APPROACH TO SHORT TERM LOAD

FORECASTING

Mrs. J. P. Rothe

Deptt of Electrical Engg, SVPCET, Nagpur.

Dr. A. K. Wadhwani

,

MITS, Gwalior.

Dr. S. Wadhwani

,

MITS, Gwalior.

Abstract: The forecasting of electricity demand has become one of the major research fields in Electrical Engineering. In recent years, much research has been carried out on the application of artificial intelligence techniques to the Load-Forecasting problem. Various Artificial Intelligence (AI) techniques used for load forecasting are Expert systems, Fuzzy, Genetic Algorithm, Artificial Neural Network (ANN). This research work is an attempt to apply hybrid and integrated effort to forecast load. Regression, Fuzzy and Neural along with Genetic Algorithm will empower the analysts to strongly forecast fairly accurate load demand on hourly base.

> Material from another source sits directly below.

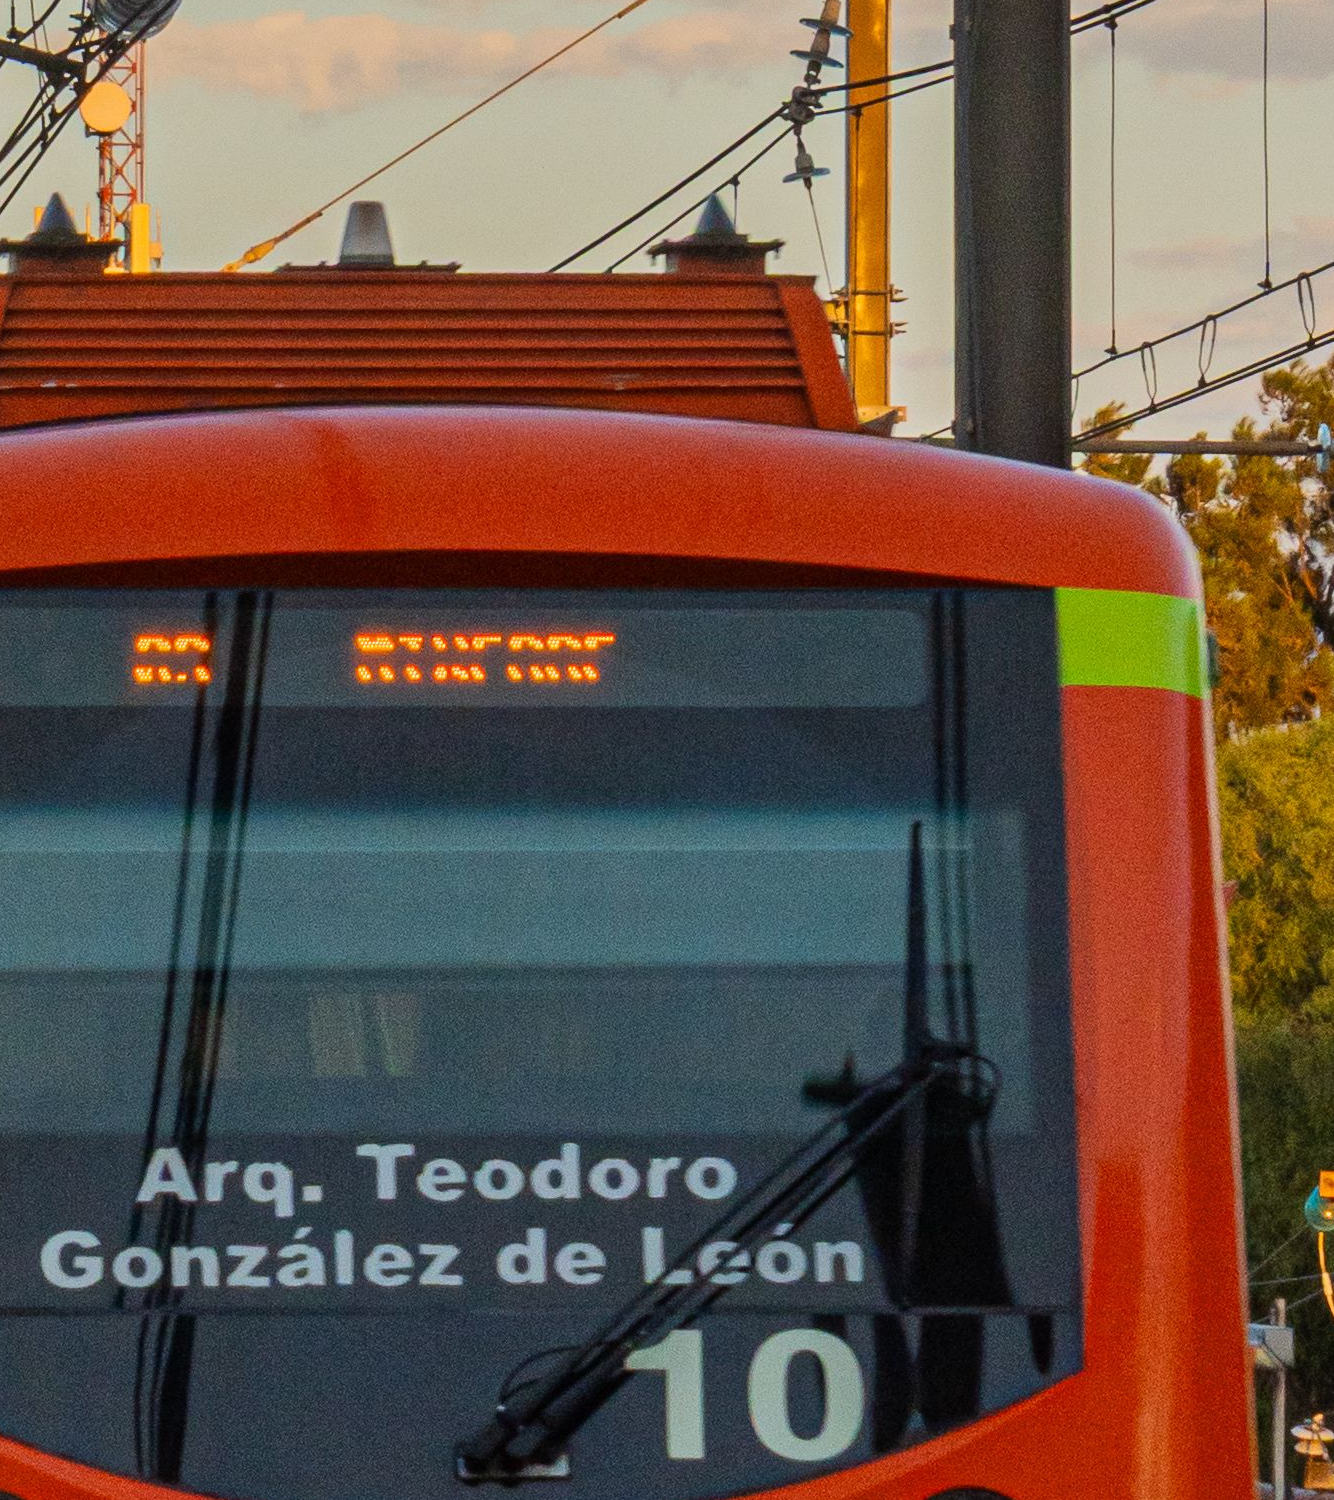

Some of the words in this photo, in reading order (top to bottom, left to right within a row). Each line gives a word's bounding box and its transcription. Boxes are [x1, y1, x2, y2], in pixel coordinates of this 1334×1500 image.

Keywords: short term load forecasting, artificial neural network, genetic algorithm, fuzzy systems, regression method.

1. INTRODUCTION

With the skyrocketing growth of power system networks and the increase in their complexity, many factors have become influential in electric power generation, demand or load management. Load forecasting in one of the critical factors for economic operation of power systems. Forecasting of future loads is also important for network planning, infrastructure development and so on. However, power system load forecasting is a two dimensional concept: consumer based forecasting and utility based forecasting. Thus the significance of each forecast could be handled disjointedly. Consumer based forecasts are used to provide some guidelines to optimize network planning and investments, better manage risk and reduce operational costs. In basic operations for a power generation plant, forecasts are needed to assist planners in making strategic decisions with regards to unit commitment, hydro-thermal co-ordination, interchange evaluation, and security assessments and so on [1]. This type of forecast deals with the total power system loads at a given time, and is normally performed by utility companies.

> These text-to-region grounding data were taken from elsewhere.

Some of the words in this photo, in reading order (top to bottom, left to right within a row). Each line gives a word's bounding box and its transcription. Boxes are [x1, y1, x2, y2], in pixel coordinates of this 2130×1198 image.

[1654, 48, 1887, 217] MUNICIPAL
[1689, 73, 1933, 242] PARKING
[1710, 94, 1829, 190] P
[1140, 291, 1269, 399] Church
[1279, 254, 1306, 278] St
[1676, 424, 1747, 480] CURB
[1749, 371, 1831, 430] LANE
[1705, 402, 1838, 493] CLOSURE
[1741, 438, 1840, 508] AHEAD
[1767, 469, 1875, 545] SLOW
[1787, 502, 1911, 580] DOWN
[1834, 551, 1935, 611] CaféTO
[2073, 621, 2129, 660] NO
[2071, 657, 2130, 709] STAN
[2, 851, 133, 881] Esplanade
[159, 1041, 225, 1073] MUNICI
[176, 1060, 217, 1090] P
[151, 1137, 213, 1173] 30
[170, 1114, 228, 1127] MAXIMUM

The techniques used for load forecasting are time series based models, similar-day approach and intelligent system based models. Some of the conventional forecasting methods have major drawbacks especially their inability to map the non-linear characteristic of the load, thus a substitute of classical methods with intelligent system based models is to a great extent essential. Most forecasting models use statistical techniques or artificial intelligence algorithms such as regression, neural networks, fuzzy logic, and expert systems. [9]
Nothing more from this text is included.